DATA TO USE |
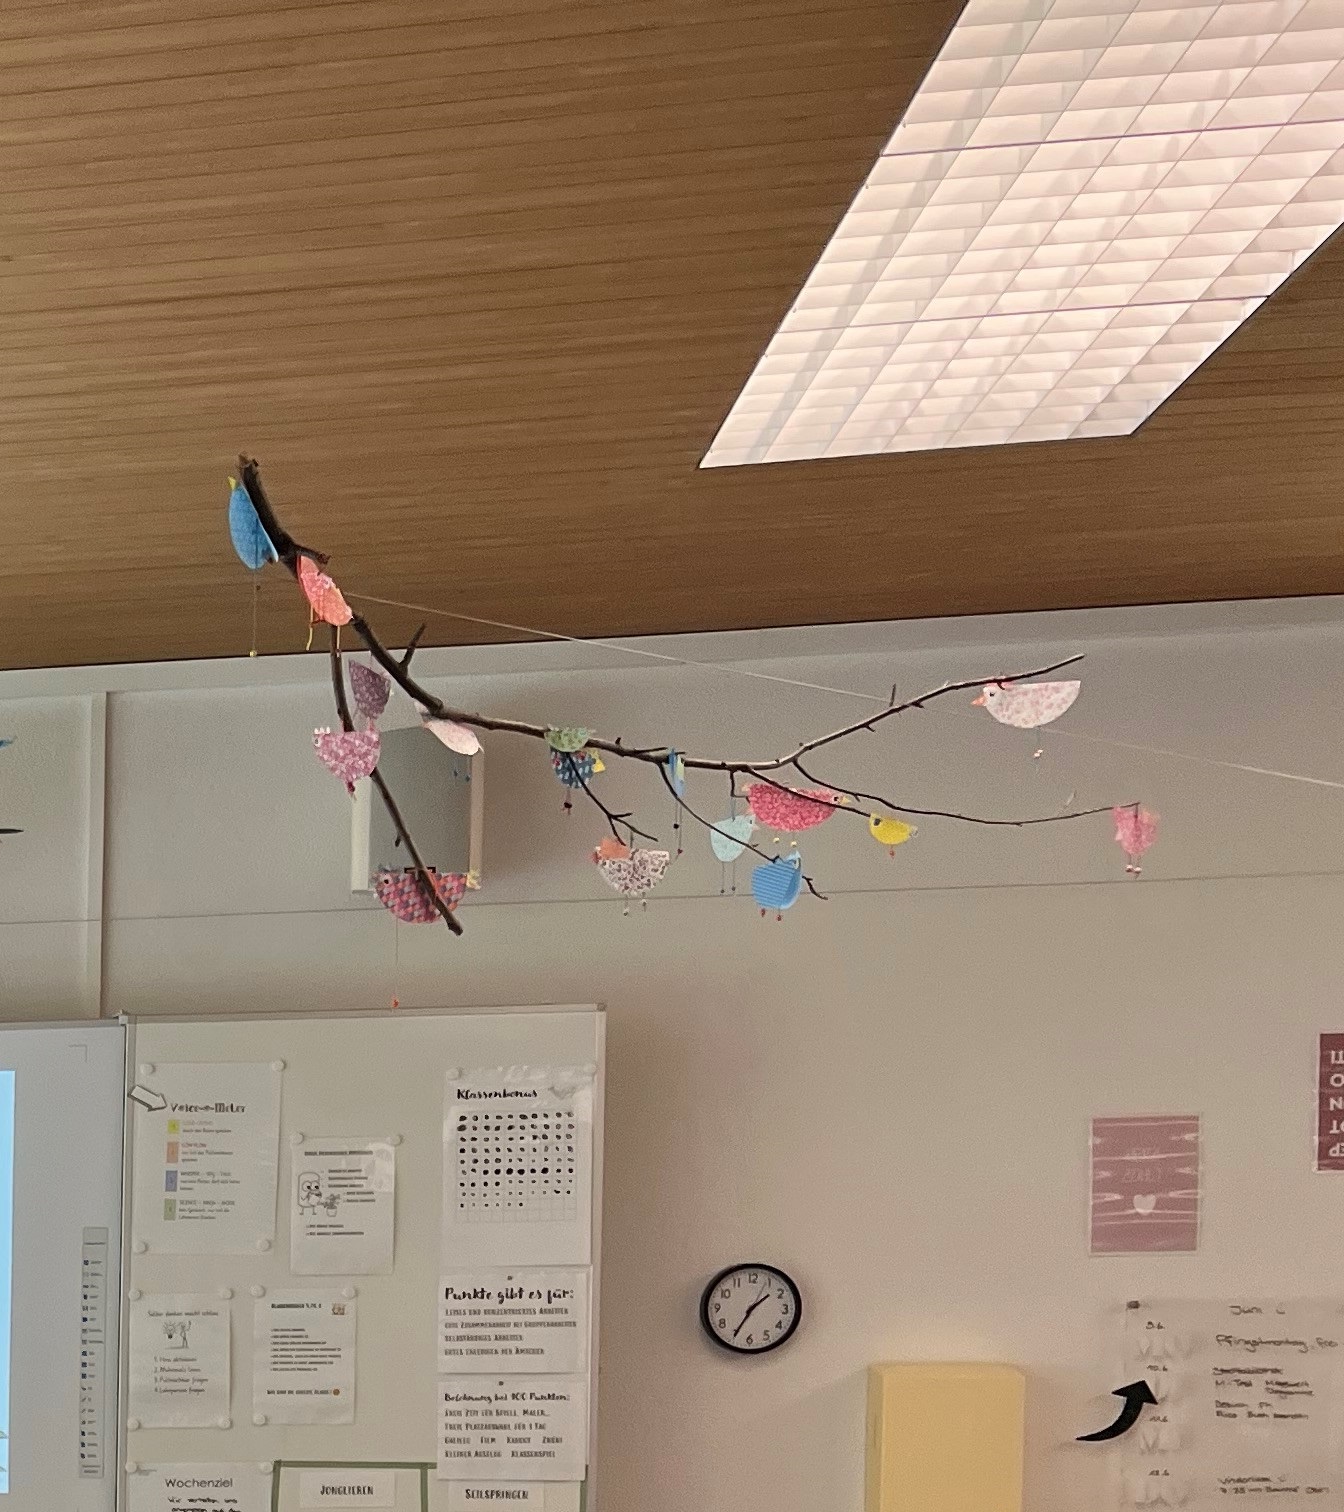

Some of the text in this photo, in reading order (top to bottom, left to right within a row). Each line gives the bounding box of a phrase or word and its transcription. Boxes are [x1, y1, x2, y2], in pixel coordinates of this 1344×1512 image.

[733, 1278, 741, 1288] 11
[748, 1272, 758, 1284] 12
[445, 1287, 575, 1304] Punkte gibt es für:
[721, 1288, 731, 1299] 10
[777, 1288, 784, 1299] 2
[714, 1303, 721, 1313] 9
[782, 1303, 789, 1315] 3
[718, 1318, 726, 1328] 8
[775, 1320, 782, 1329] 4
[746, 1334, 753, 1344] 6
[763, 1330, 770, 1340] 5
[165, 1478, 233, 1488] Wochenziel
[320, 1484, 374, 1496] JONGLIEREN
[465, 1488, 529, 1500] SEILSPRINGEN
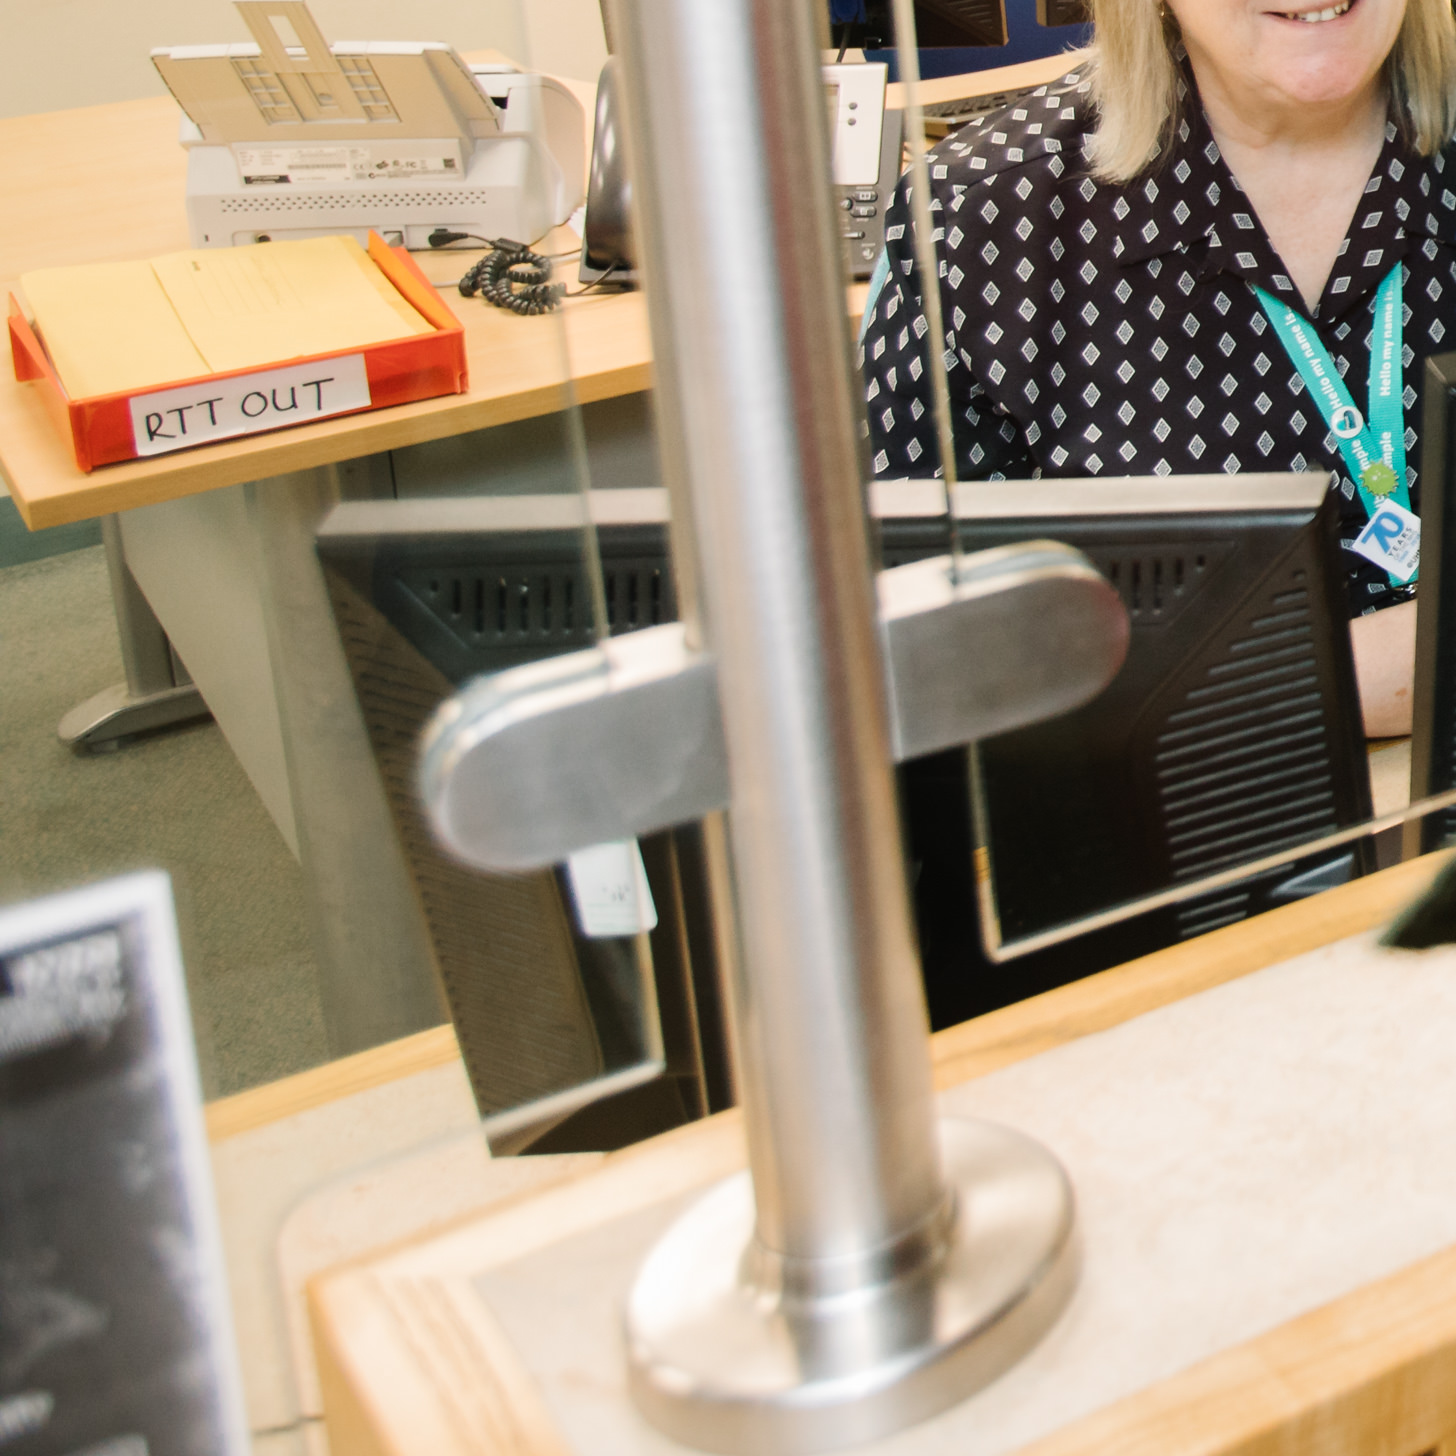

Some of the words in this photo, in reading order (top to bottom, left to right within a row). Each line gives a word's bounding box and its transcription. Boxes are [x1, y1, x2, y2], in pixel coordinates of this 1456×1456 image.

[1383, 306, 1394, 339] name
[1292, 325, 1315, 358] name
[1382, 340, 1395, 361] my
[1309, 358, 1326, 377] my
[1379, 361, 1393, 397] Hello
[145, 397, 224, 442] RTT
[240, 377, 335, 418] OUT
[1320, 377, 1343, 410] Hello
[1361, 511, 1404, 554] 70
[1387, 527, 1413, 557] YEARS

REQUIRED ACTION | Give back the material exactly as written, images excluded.

TASK RESULT |
Some of the text in this photo, in reading order (top to bottom, left to right within a row). Each line gives the bounding box of a phrase or word and its transcription. Boxes are [x1, y1, x2, y2], in pixel coordinates of this 1344×1512 image.

[733, 1278, 741, 1288] 11
[748, 1272, 758, 1284] 12
[445, 1287, 575, 1304] Punkte gibt es für:
[721, 1288, 731, 1299] 10
[777, 1288, 784, 1299] 2
[714, 1303, 721, 1313] 9
[782, 1303, 789, 1315] 3
[718, 1318, 726, 1328] 8
[775, 1320, 782, 1329] 4
[746, 1334, 753, 1344] 6
[763, 1330, 770, 1340] 5
[165, 1478, 233, 1488] Wochenziel
[320, 1484, 374, 1496] JONGLIEREN
[465, 1488, 529, 1500] SEILSPRINGEN

Some of the words in this photo, in reading order (top to bottom, left to right within a row). Each line gives a word's bounding box and its transcription. Boxes are [x1, y1, x2, y2], in pixel coordinates of this 1456×1456 image.

[1383, 306, 1394, 339] name
[1292, 325, 1315, 358] name
[1382, 340, 1395, 361] my
[1309, 358, 1326, 377] my
[1379, 361, 1393, 397] Hello
[145, 397, 224, 442] RTT
[240, 377, 335, 418] OUT
[1320, 377, 1343, 410] Hello
[1361, 511, 1404, 554] 70
[1387, 527, 1413, 557] YEARS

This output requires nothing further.